> [WHAT IS REQUIRED] Where in the data below does the word "Playing" appear? Copy every line that has it.

> [INPUT DATA]
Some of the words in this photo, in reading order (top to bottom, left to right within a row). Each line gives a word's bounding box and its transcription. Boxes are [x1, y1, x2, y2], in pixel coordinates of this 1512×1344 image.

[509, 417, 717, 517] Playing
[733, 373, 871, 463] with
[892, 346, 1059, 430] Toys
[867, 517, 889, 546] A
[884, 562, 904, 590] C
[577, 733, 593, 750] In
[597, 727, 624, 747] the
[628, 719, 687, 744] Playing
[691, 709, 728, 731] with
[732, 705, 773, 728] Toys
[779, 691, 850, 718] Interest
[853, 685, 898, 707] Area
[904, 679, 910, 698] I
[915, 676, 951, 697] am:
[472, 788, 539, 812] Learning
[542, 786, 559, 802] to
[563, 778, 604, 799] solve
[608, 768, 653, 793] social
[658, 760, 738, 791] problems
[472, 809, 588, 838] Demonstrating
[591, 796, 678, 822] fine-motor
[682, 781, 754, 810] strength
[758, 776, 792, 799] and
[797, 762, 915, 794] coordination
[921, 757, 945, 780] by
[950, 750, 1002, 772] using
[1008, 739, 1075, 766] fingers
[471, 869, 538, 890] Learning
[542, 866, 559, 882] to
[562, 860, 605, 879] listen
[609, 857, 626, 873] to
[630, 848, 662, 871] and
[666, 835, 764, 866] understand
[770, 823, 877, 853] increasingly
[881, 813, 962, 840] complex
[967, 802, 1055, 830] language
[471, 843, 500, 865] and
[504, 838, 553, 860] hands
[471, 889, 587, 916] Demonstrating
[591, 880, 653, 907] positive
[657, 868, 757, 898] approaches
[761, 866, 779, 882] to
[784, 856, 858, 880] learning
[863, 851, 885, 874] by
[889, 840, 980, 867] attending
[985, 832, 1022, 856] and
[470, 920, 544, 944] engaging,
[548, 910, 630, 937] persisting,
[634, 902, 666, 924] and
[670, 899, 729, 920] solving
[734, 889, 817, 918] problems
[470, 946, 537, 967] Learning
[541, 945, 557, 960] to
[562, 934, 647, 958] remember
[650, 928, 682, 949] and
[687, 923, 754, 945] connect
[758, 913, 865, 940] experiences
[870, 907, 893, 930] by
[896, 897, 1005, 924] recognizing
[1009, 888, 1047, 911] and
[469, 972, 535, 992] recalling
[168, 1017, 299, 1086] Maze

> [OUTPUT OF THE TASK]
[509, 417, 717, 517] Playing
[628, 719, 687, 744] Playing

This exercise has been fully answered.